Work required – The records that follow must be repeated exactly as they stand.

Given entries –
····················

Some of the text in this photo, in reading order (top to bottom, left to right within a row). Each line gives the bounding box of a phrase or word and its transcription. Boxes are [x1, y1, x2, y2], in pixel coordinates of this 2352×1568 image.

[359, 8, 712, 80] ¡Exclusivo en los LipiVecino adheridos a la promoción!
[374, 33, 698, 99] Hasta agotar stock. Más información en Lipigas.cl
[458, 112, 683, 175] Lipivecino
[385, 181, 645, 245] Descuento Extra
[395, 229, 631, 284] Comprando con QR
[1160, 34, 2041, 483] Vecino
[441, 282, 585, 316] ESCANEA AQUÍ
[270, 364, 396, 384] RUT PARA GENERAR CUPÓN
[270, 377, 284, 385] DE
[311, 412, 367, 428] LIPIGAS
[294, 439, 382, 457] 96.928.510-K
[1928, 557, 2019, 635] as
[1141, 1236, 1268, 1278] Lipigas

····················

Written answer –
Some of the text in this photo, in reading order (top to bottom, left to right within a row). Each line gives the bounding box of a phrase or word and its transcription. Boxes are [x1, y1, x2, y2], in pixel coordinates of this 2352×1568 image.

[359, 8, 712, 80] ¡Exclusivo en los LipiVecino adheridos a la promoción!
[374, 33, 698, 99] Hasta agotar stock. Más información en Lipigas.cl
[458, 112, 683, 175] Lipivecino
[385, 181, 645, 245] Descuento Extra
[395, 229, 631, 284] Comprando con QR
[1160, 34, 2041, 483] Vecino
[441, 282, 585, 316] ESCANEA AQUÍ
[270, 364, 396, 384] RUT PARA GENERAR CUPÓN
[270, 377, 284, 385] DE
[311, 412, 367, 428] LIPIGAS
[294, 439, 382, 457] 96.928.510-K
[1928, 557, 2019, 635] as
[1141, 1236, 1268, 1278] Lipigas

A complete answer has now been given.